- [Exercise description]: Repeat the records below exactly, leaving out any pictures.

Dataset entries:
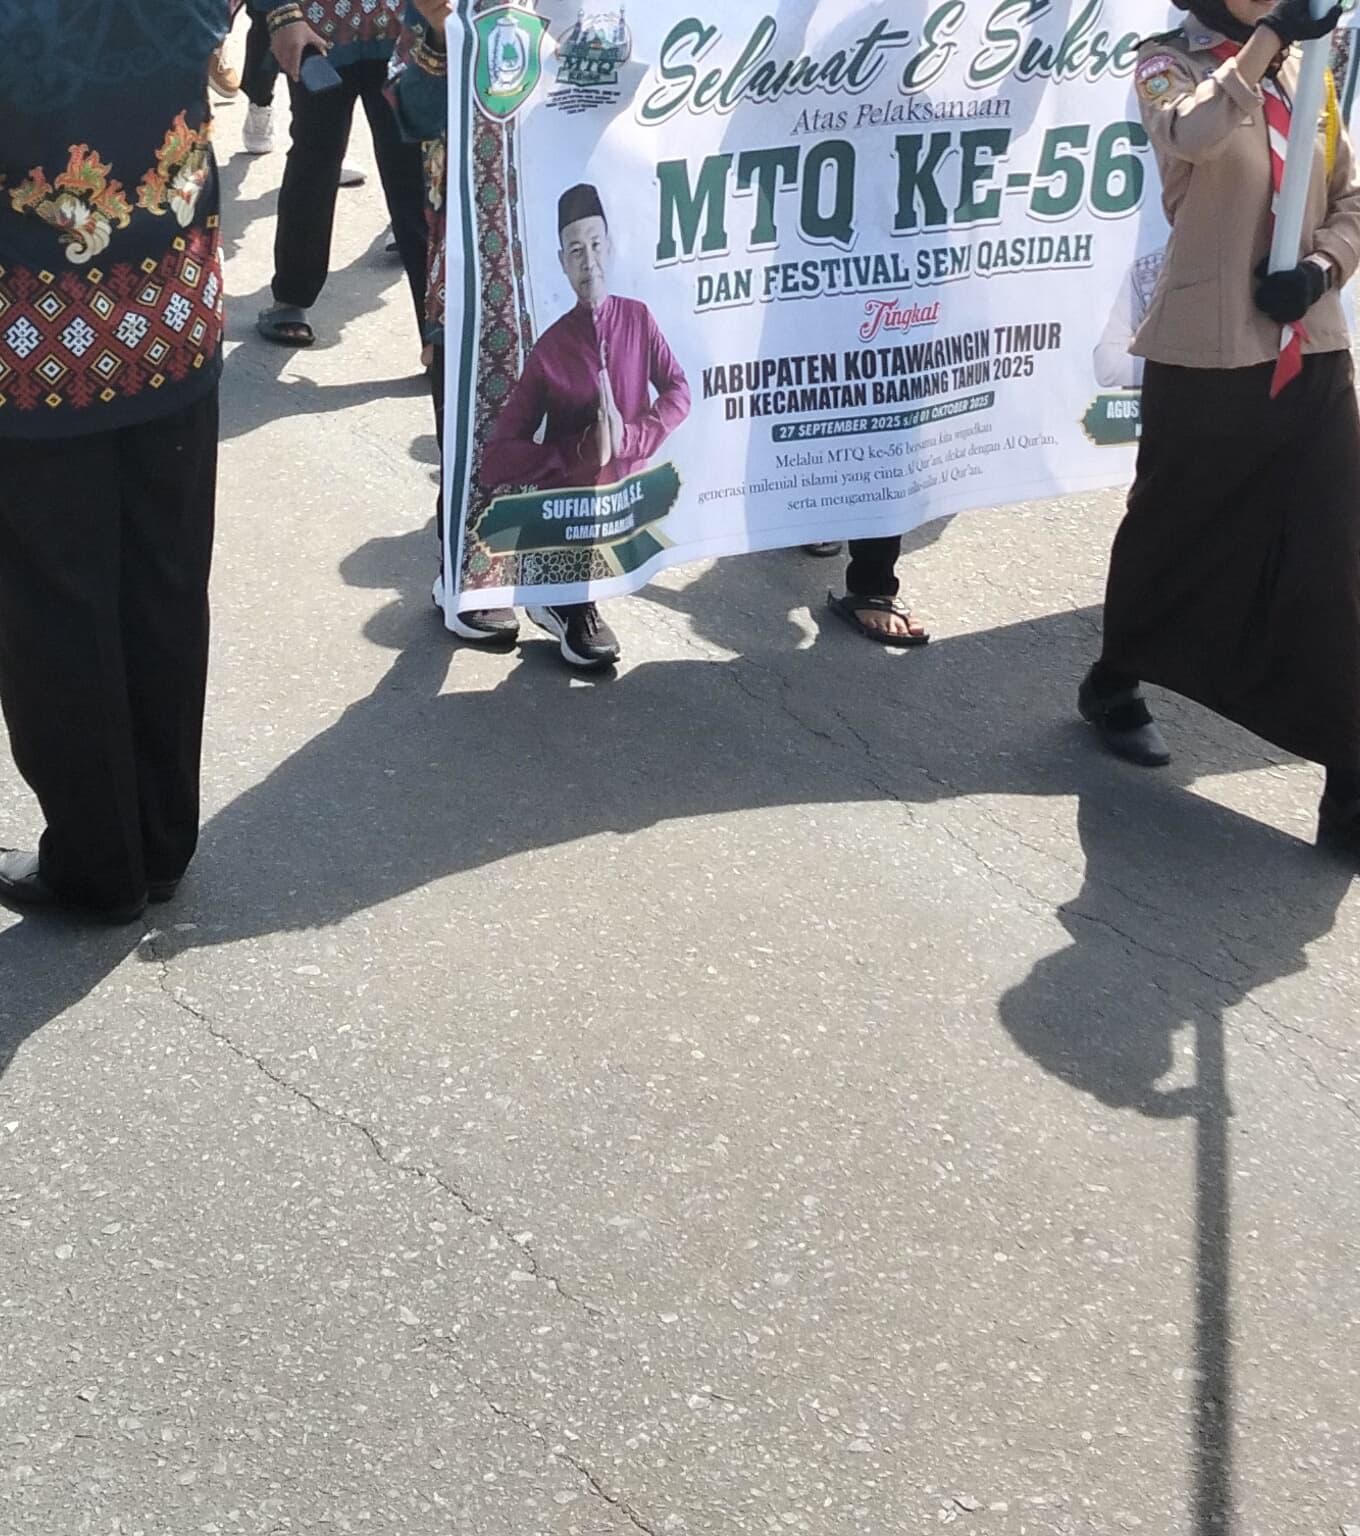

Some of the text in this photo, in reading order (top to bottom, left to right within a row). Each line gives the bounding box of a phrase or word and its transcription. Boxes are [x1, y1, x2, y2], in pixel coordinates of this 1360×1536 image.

[641, 15, 910, 121] Selamat
[791, 97, 1010, 136] Atas Pelaksanaan
[656, 121, 1149, 261] MTQ KE-56
[697, 234, 1093, 305] DAN FESTIVAL SENI QASIDAH
[860, 298, 940, 339] Tingkat
[702, 322, 1062, 399] KABUPATEN KOTAWARINGIN TIMUR
[725, 355, 1034, 421] DI KECAMATAN BAAMANG TAHUN 2025
[779, 425, 795, 439] 27
[798, 420, 868, 437] SEPTEMBER
[871, 416, 900, 433] 2025
[1107, 400, 1140, 419] AGUS
[697, 482, 746, 504] generasi
[749, 476, 798, 494] milenial
[801, 469, 838, 487] islami
[841, 466, 871, 486] yang
[874, 464, 904, 480] cinta
[1003, 436, 1016, 451] Al
[775, 450, 823, 469] Melalui
[827, 447, 865, 464] MTQ
[868, 443, 903, 459] ke-56
[787, 496, 817, 511] serta
[820, 488, 906, 508] mengamalkan
[565, 523, 601, 540] CAMAT
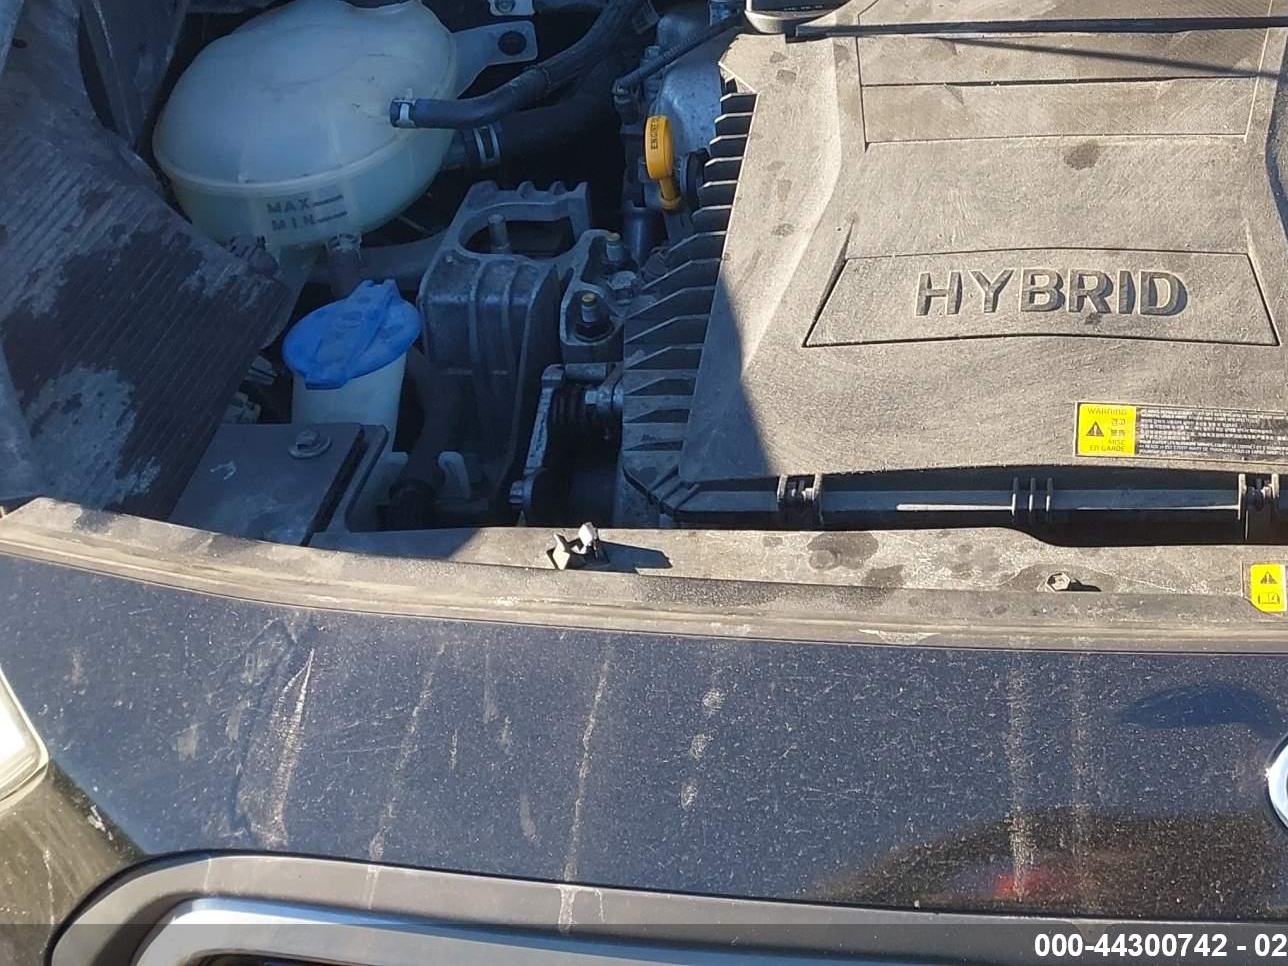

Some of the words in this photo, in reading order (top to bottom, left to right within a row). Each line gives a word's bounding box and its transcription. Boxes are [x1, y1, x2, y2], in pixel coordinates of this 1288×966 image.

[266, 197, 310, 214] MAX
[271, 214, 316, 231] MIN
[915, 267, 1189, 317] HYBRID
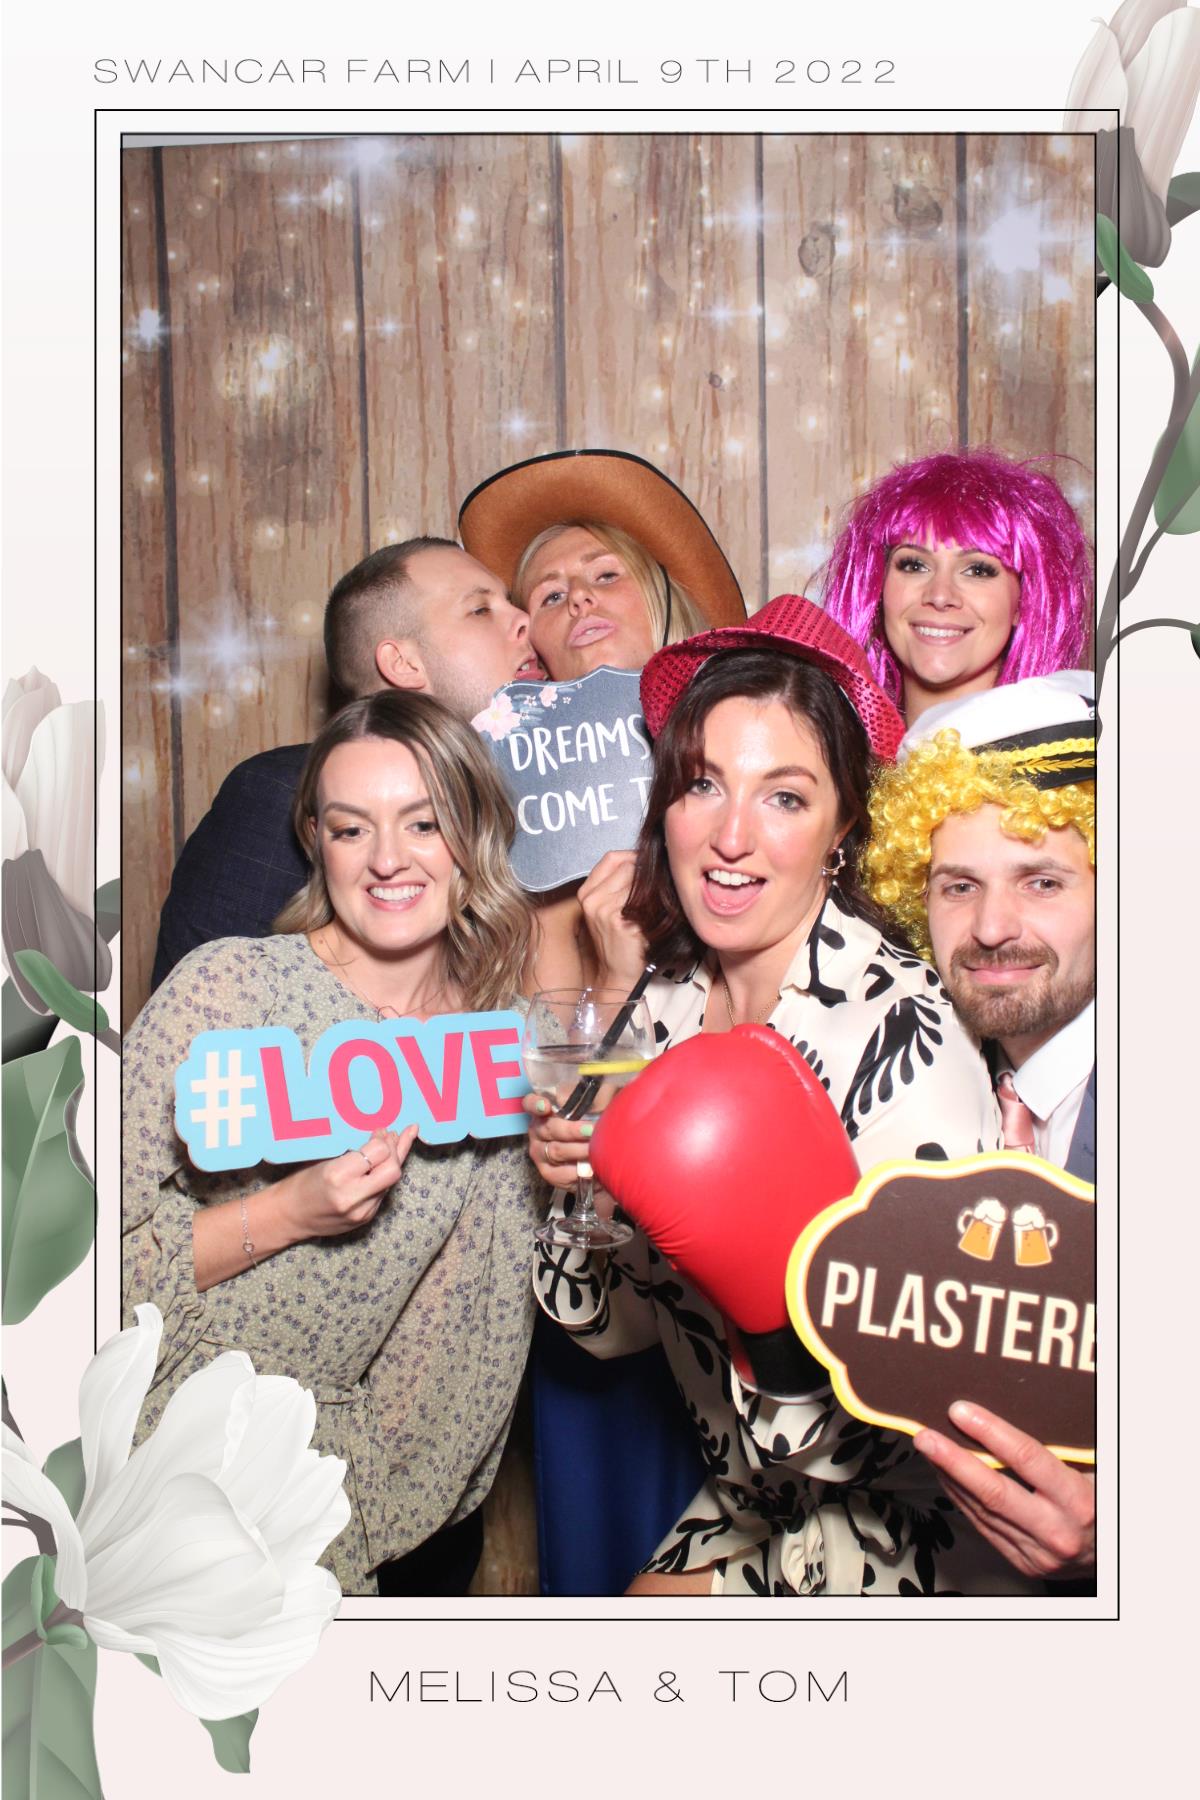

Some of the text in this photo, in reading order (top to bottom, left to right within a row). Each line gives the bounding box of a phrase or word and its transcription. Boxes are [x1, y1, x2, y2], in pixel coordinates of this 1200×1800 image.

[508, 714, 651, 775] DREAMS
[517, 784, 619, 835] COME
[190, 1027, 525, 1149] #LOVE

- [Response below]:
Some of the text in this photo, in reading order (top to bottom, left to right within a row). Each line gives the bounding box of a phrase or word and its transcription. Boxes are [x1, y1, x2, y2], in pixel coordinates of this 1360×1536 image.

[641, 15, 910, 121] Selamat
[791, 97, 1010, 136] Atas Pelaksanaan
[656, 121, 1149, 261] MTQ KE-56
[697, 234, 1093, 305] DAN FESTIVAL SENI QASIDAH
[860, 298, 940, 339] Tingkat
[702, 322, 1062, 399] KABUPATEN KOTAWARINGIN TIMUR
[725, 355, 1034, 421] DI KECAMATAN BAAMANG TAHUN 2025
[779, 425, 795, 439] 27
[798, 420, 868, 437] SEPTEMBER
[871, 416, 900, 433] 2025
[1107, 400, 1140, 419] AGUS
[697, 482, 746, 504] generasi
[749, 476, 798, 494] milenial
[801, 469, 838, 487] islami
[841, 466, 871, 486] yang
[874, 464, 904, 480] cinta
[1003, 436, 1016, 451] Al
[775, 450, 823, 469] Melalui
[827, 447, 865, 464] MTQ
[868, 443, 903, 459] ke-56
[787, 496, 817, 511] serta
[820, 488, 906, 508] mengamalkan
[565, 523, 601, 540] CAMAT

Some of the words in this photo, in reading order (top to bottom, left to right within a row). Each line gives a word's bounding box and its transcription. Boxes are [x1, y1, x2, y2], in pixel coordinates of this 1288×966 image.

[266, 197, 310, 214] MAX
[271, 214, 316, 231] MIN
[915, 267, 1189, 317] HYBRID

Some of the text in this photo, in reading order (top to bottom, left to right within a row). Each line gives the bounding box of a phrase or word and its transcription. Boxes are [x1, y1, x2, y2], in pixel coordinates of this 1200×1800 image.

[508, 714, 651, 775] DREAMS
[517, 784, 619, 835] COME
[190, 1027, 525, 1149] #LOVE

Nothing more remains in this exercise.